Las imágenes fenomenológicas se capturan con lo que podría denominarse una cámara de la conciencia. Cuando estas impresiones son fijadas y extraídas del proceso de observación interior, adquieren un estatus filosófico significativo, tanto desde una perspectiva archivística como museológica. En su manifestación más elevada, el ejercicio fenomenológico se convierte en la revelación de fenómenos como imágenes capturadas de la existencia. Estas configuraciones se resguardan en lo que podría concebirse como una colección fenomenológica, en la que las cosas son liberadas de la carga de su conexión vital.

En este sentido, el archivo fenomenológico crece de manera constante, a medida que más elementos son desvinculados de su pretensión de realidad. Así como Hegel concibió el museo clásico, Husserl diseñó el museo de la Modernidad, un espacio donde la filosofía fenomenológica se erige como un ejercicio sistemático de no-cooperación, no con el mundo exterior, sino con la propia vida que toma postura. En otras palabras, un ejercicio de no-cooperación consigo mismo.

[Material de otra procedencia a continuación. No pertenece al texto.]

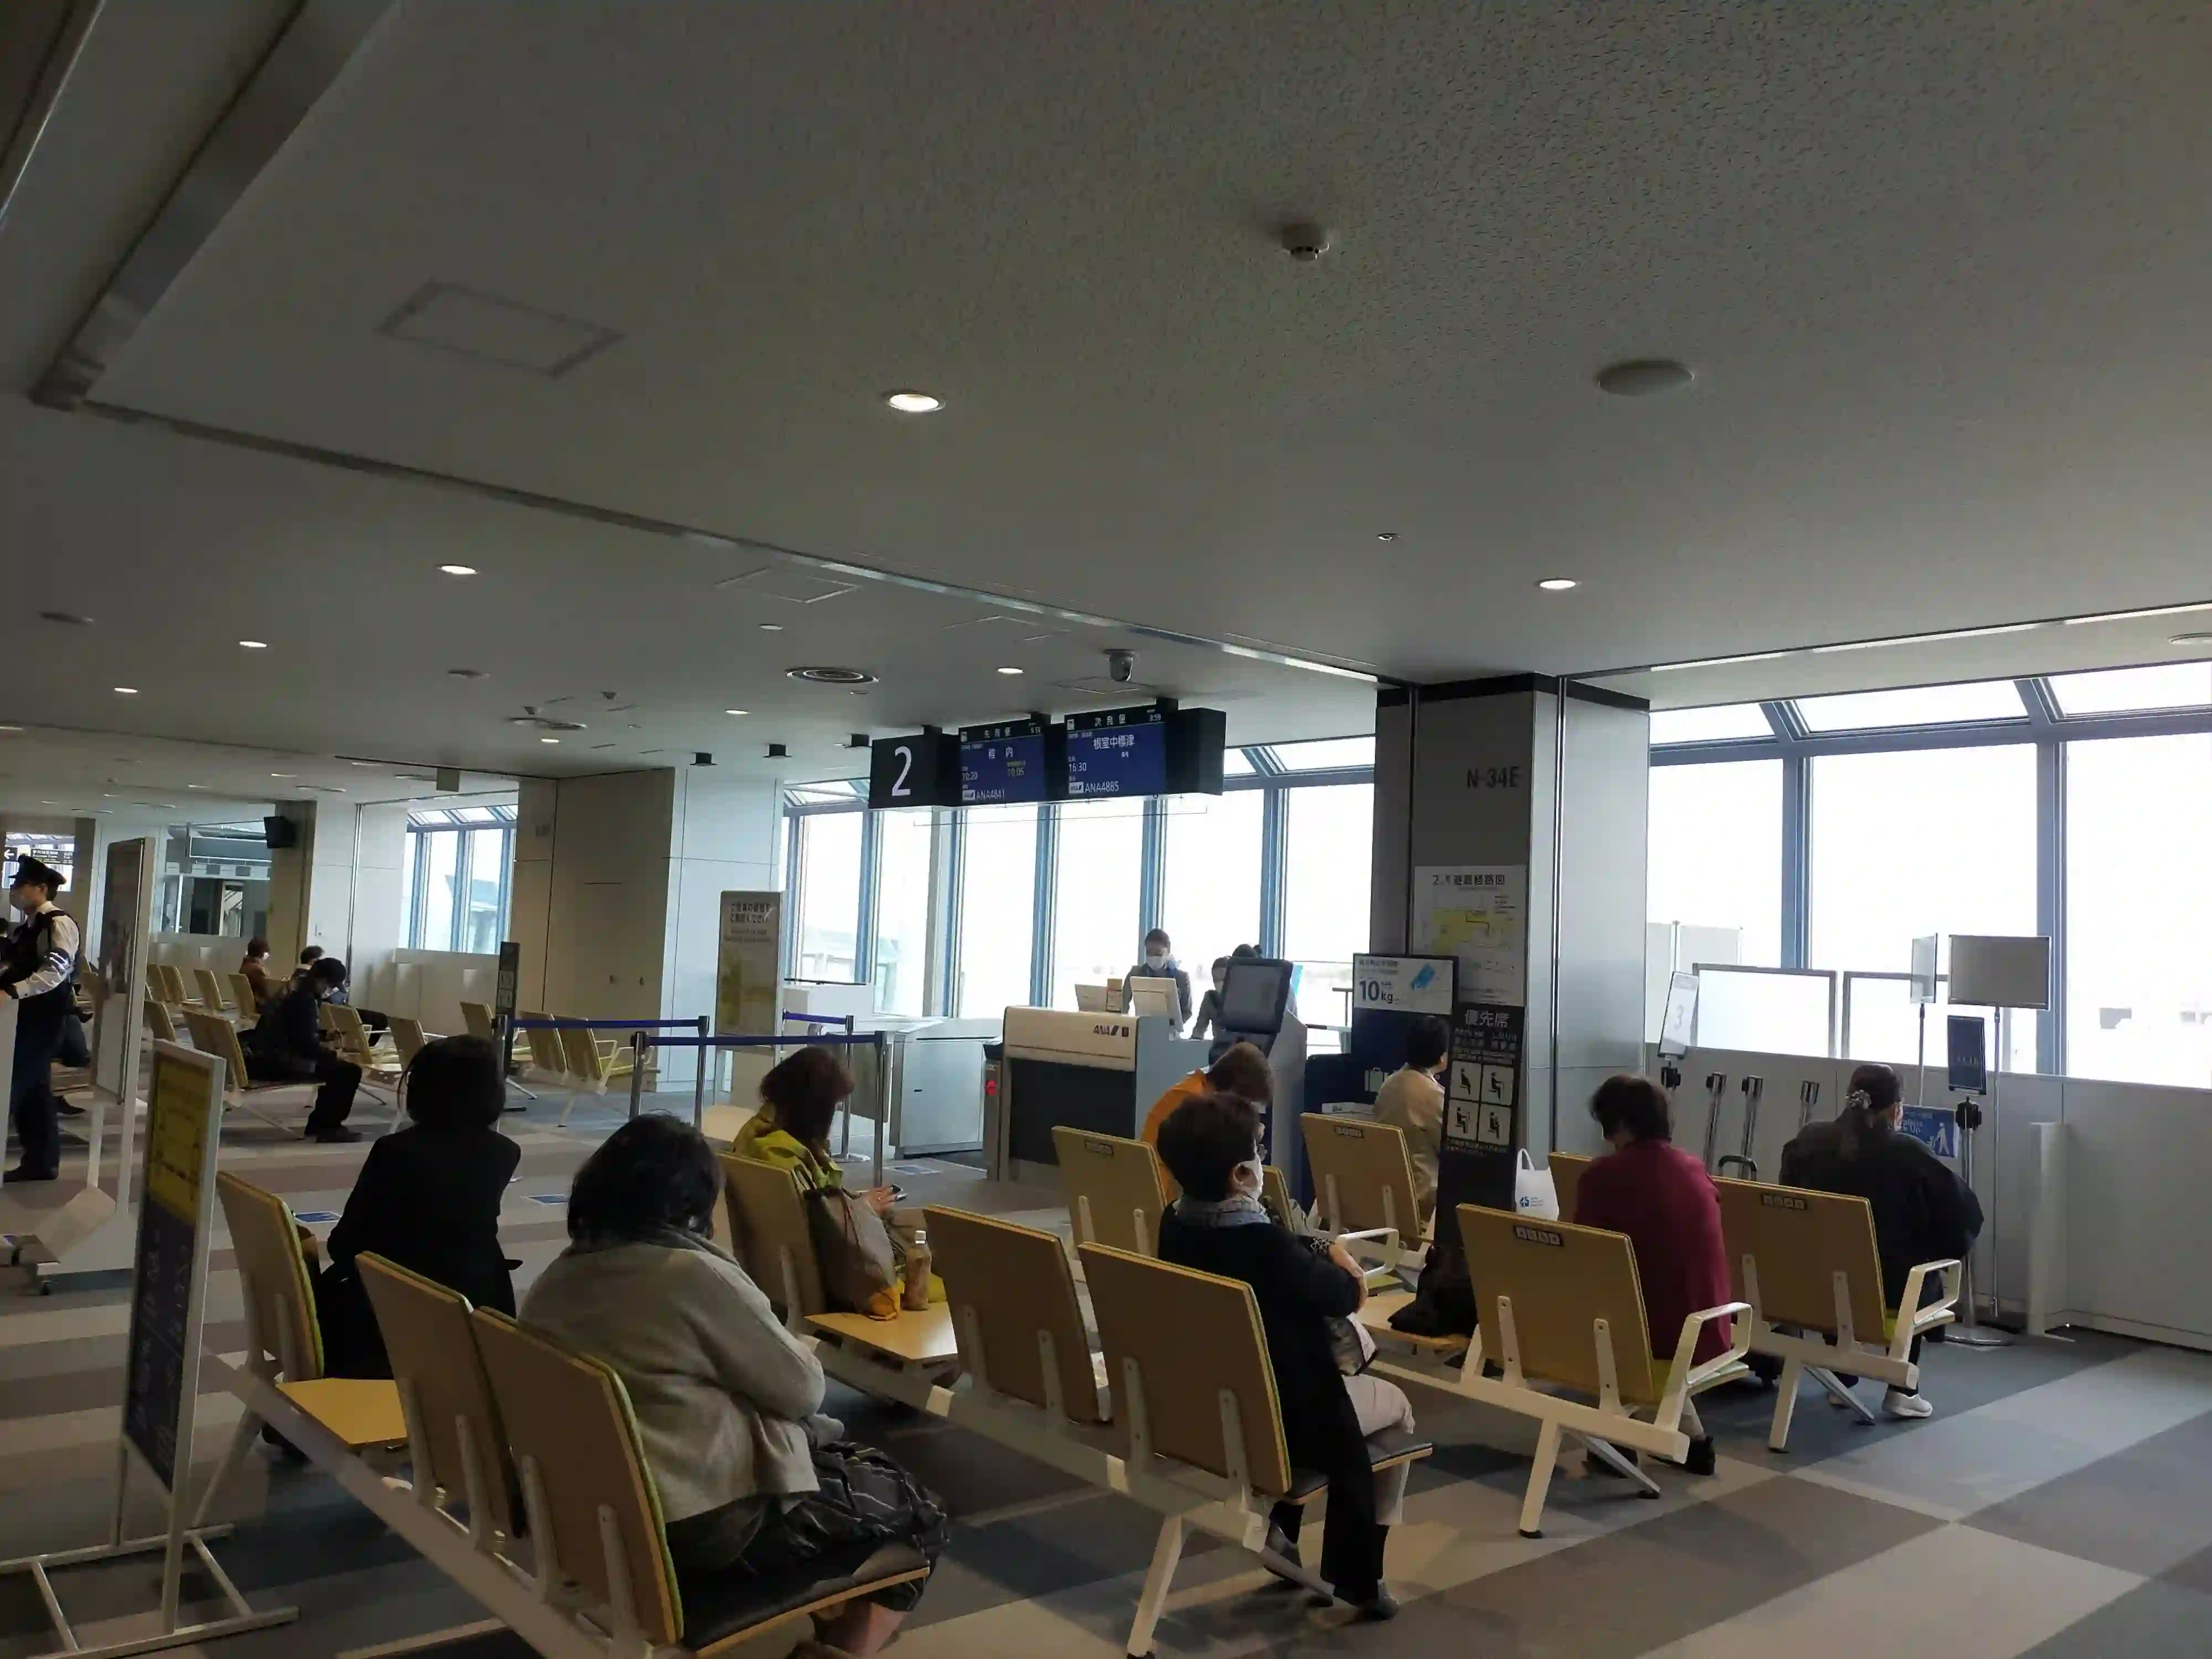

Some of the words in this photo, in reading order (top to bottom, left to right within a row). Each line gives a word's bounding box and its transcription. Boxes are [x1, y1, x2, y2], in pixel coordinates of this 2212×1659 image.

[891, 745, 911, 797] 2
[1068, 762, 1087, 772] 16:30
[962, 771, 978, 781] 10:20
[1467, 766, 1519, 789] N-34E
[1084, 781, 1119, 793] ANA4885
[1359, 979, 1380, 1001] 10
[1381, 990, 1393, 1004] kg
[1464, 1009, 1510, 1029] 優先席
[1093, 1025, 1109, 1036] ANA
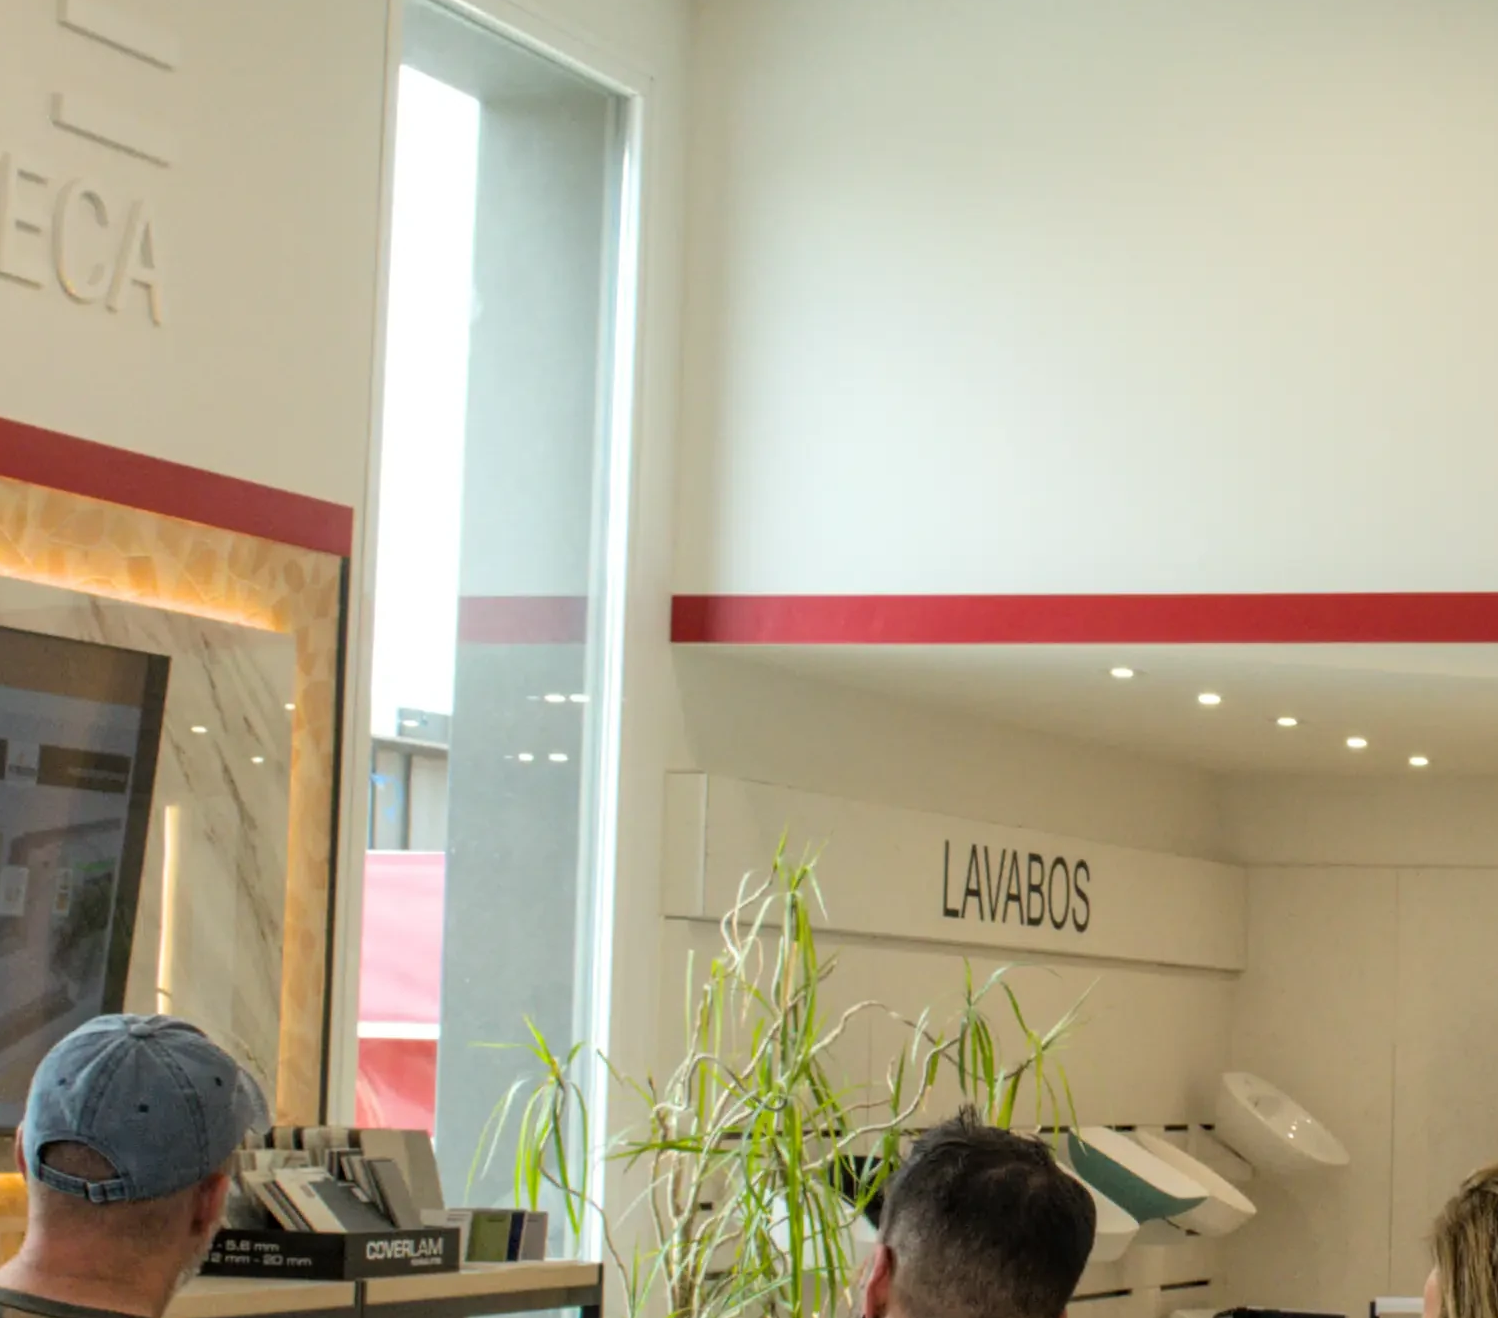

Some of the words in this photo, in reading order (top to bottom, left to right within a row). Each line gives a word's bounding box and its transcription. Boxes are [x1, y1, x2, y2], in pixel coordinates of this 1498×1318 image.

[942, 839, 1091, 933] LAVABOS
[262, 1253, 283, 1266] 20
[286, 1255, 313, 1267] mm
[365, 1236, 445, 1260] COVERLAM
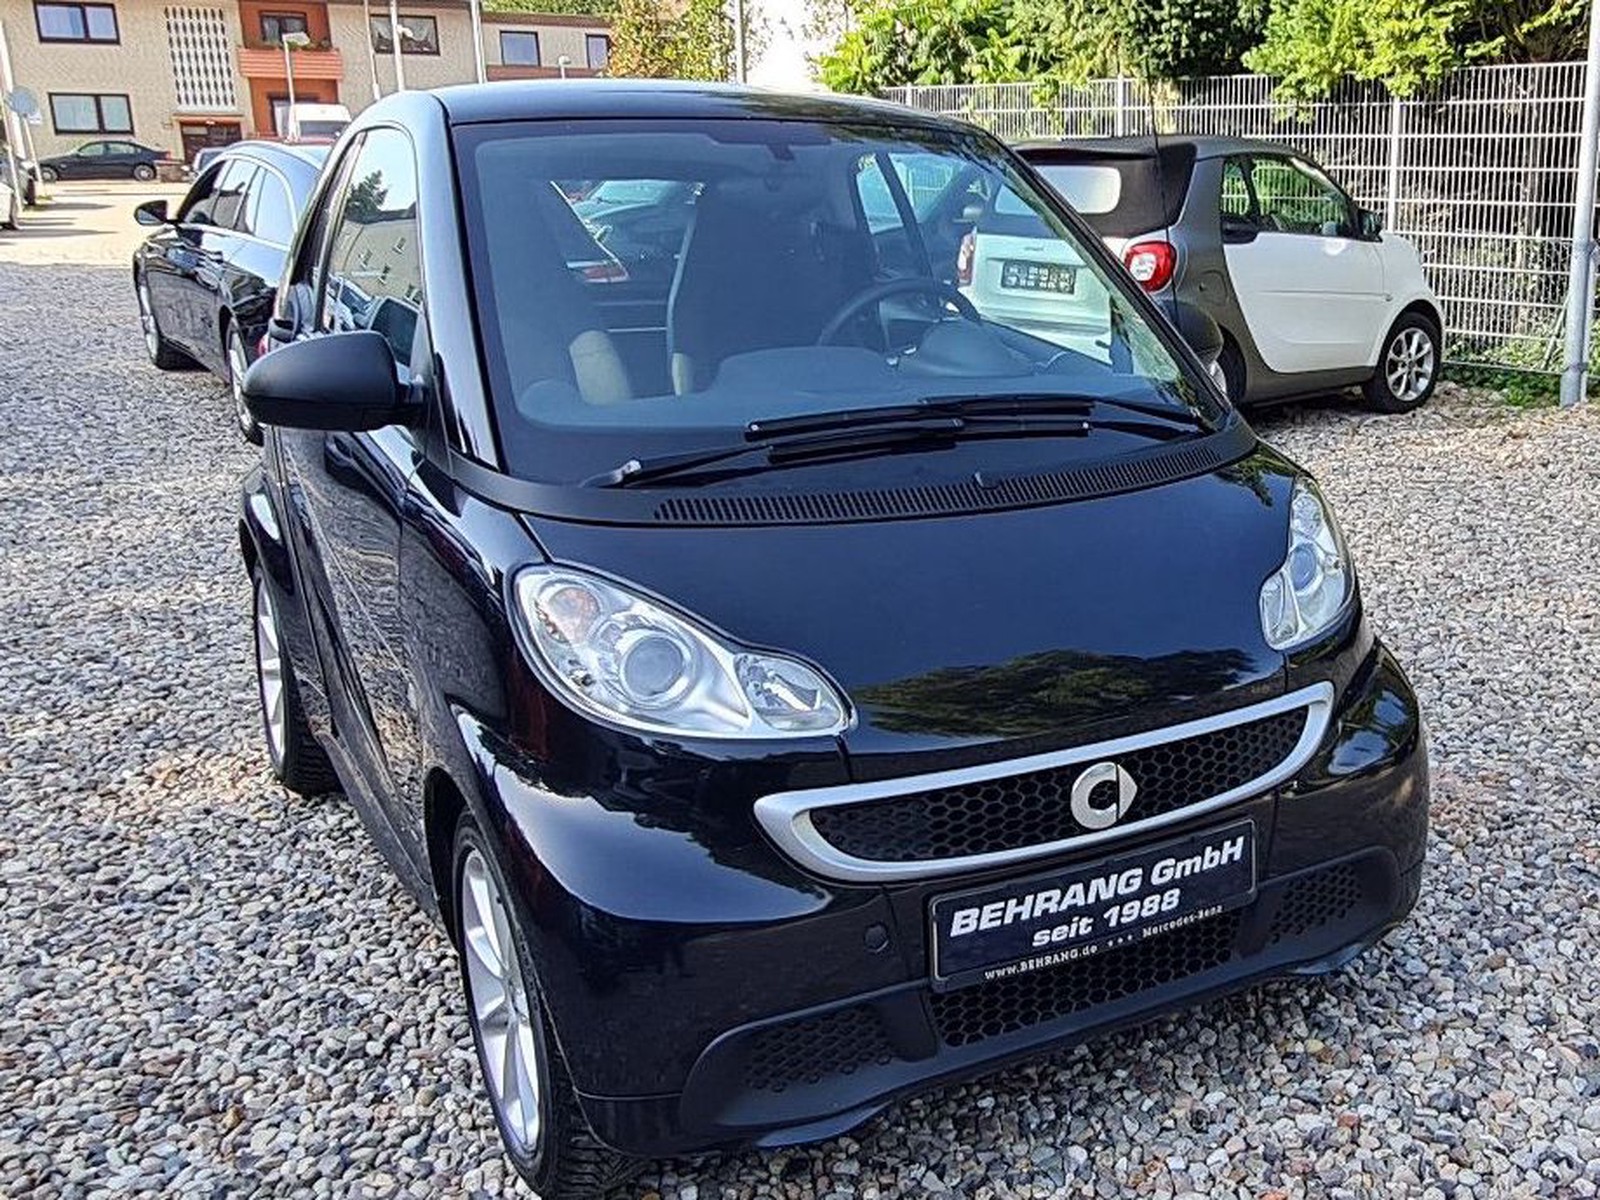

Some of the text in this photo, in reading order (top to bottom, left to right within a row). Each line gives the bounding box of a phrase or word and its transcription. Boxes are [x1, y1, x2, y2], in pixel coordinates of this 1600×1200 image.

Este esfuerzo alcanza su formulación canónica en el párrafo 32 de Ideas I (1913), donde Husserl introduce el concepto de epojé para designar el distanciamiento de la vida, entendida como participación en el teatro del mundo. Este concepto, tomado del escepticismo griego, implica la abstención de juicio, no como negación del conocimiento, sino como una disciplina de la mirada. Husserl transforma la suspensión escéptica en un principio metodológico de la observación interior, donde la no-implicación se convierte en la técnica fundamental de la fenomenología. De este modo, el escepticismo deja de ser un simple adversario del dogmatismo y se instituye como la base de una teoría rigurosa de la conciencia.